All entries are to be copied verbatim, while the pictures stay out.

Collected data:
■ ■ ■ ■ ■
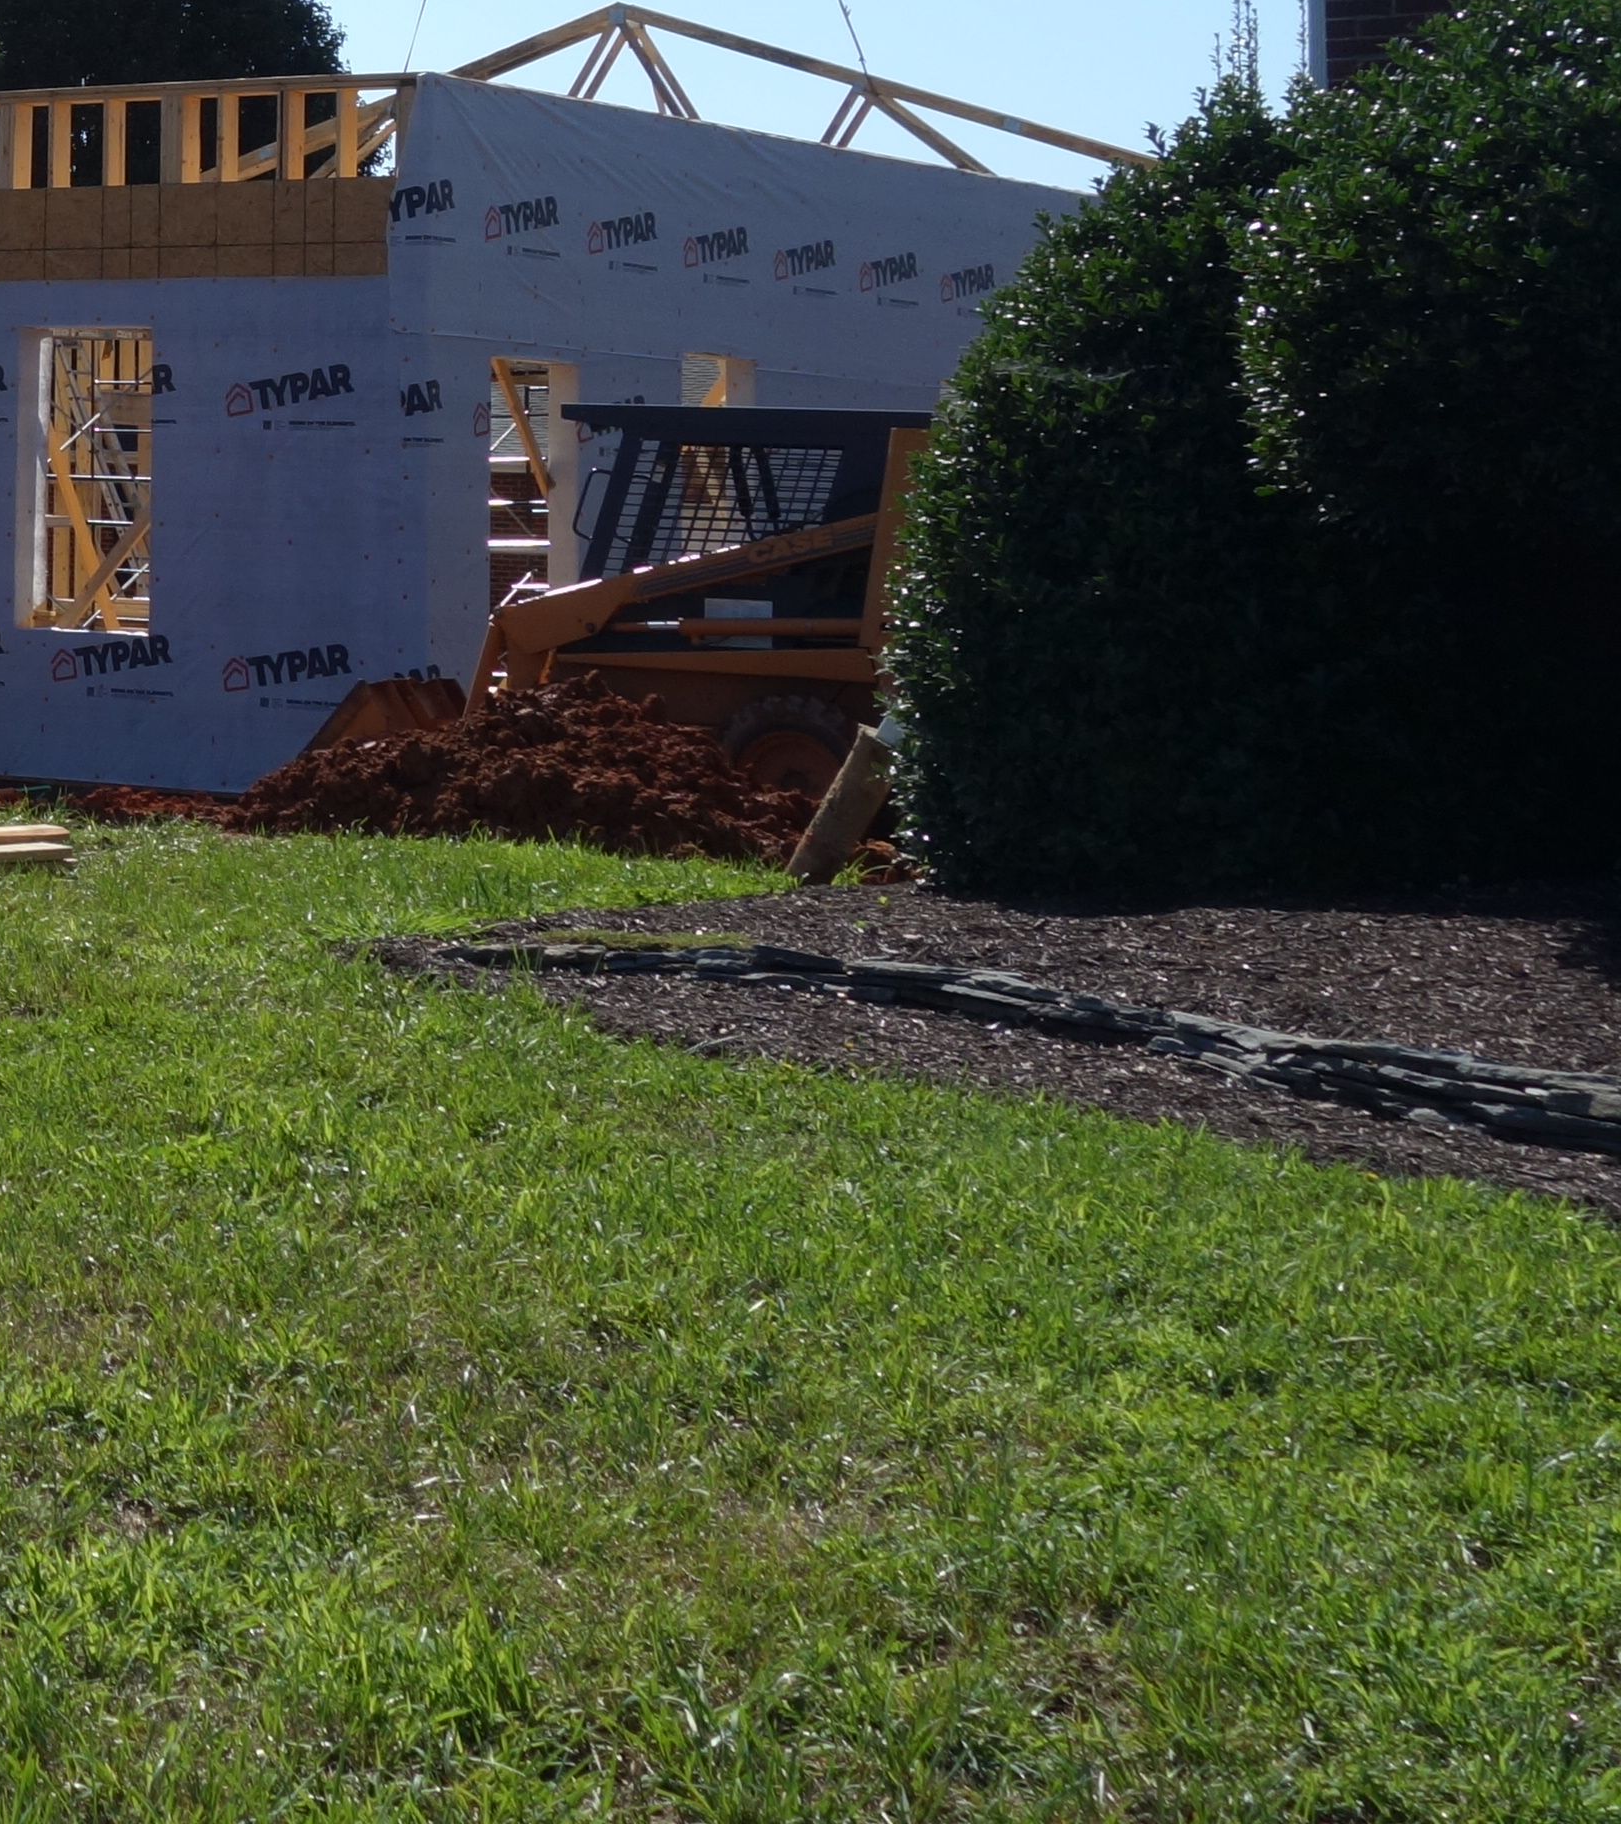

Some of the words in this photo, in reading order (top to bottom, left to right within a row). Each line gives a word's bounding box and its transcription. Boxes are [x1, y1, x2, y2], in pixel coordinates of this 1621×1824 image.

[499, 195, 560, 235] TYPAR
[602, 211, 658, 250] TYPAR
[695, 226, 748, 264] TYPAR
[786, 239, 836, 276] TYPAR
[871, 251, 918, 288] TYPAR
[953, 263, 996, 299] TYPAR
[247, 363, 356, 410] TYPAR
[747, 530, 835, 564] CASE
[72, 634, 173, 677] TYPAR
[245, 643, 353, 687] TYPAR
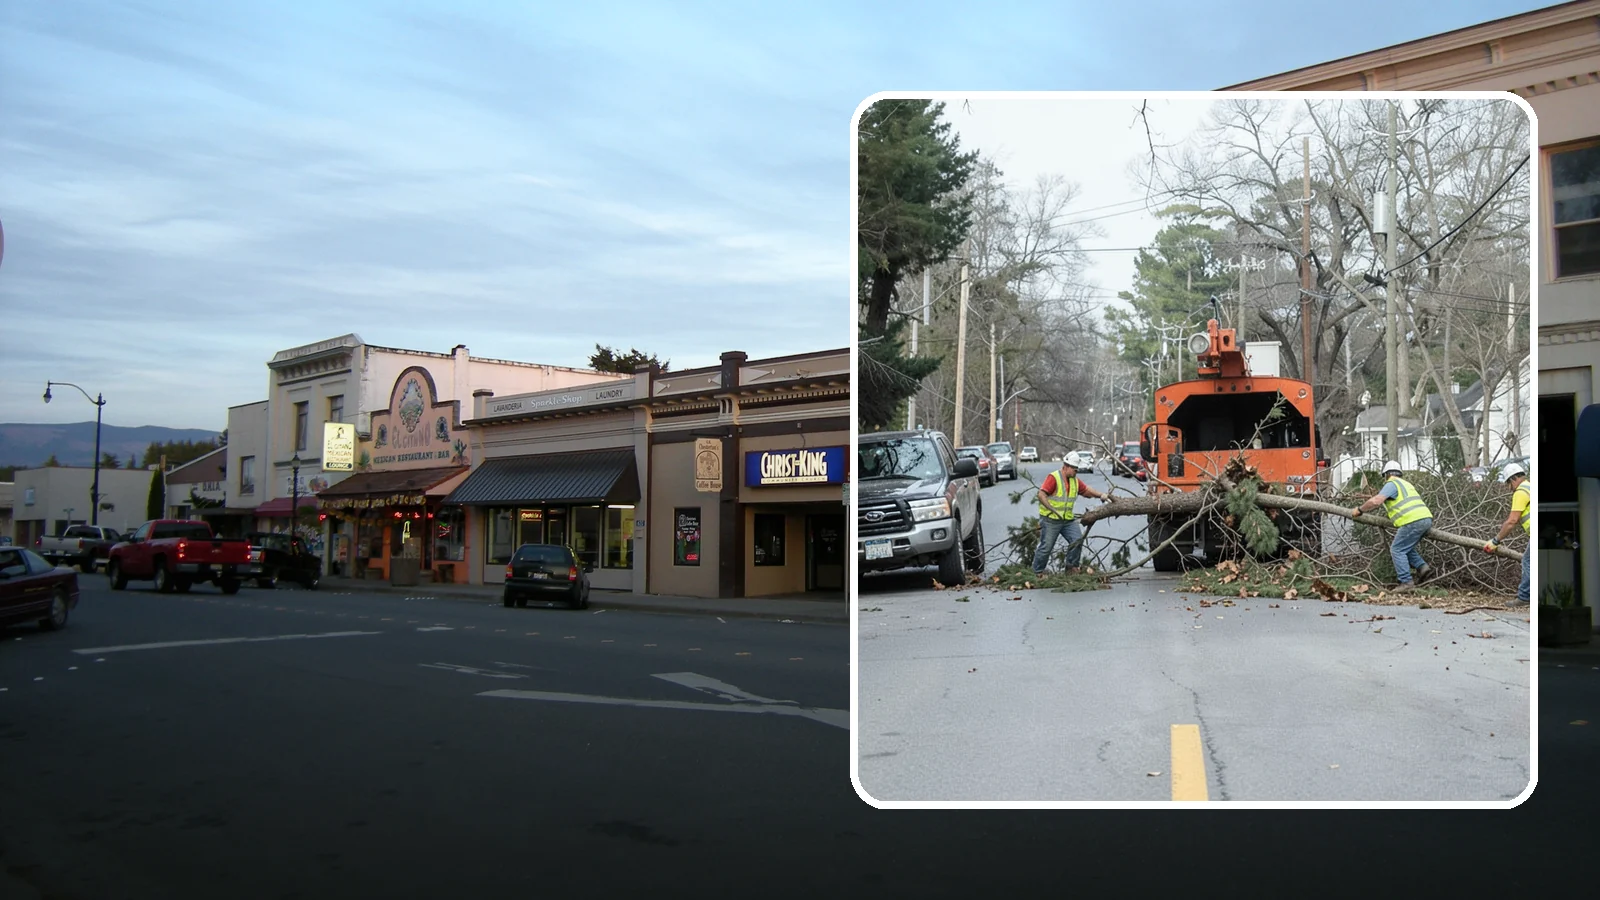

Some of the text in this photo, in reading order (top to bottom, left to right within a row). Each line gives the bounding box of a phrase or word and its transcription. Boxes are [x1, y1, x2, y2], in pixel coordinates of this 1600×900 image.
■ ■ ■ ■ ■
RESULT OF THIS TASK:
Some of the words in this photo, in reading order (top to bottom, left to right within a row). Each line gives a word's bounding box and its transcription. Boxes are [x1, y1, x2, y2], in pixel coordinates of this 1621×1824 image.

[499, 195, 560, 235] TYPAR
[602, 211, 658, 250] TYPAR
[695, 226, 748, 264] TYPAR
[786, 239, 836, 276] TYPAR
[871, 251, 918, 288] TYPAR
[953, 263, 996, 299] TYPAR
[247, 363, 356, 410] TYPAR
[747, 530, 835, 564] CASE
[72, 634, 173, 677] TYPAR
[245, 643, 353, 687] TYPAR

Some of the text in this photo, in reading order (top to bottom, left to right within a row). Each line gives the bounding box of a phrase or word and its transcription. Boxes are [x1, y1, x2, y2], in pixel coordinates of this 1600×900 image.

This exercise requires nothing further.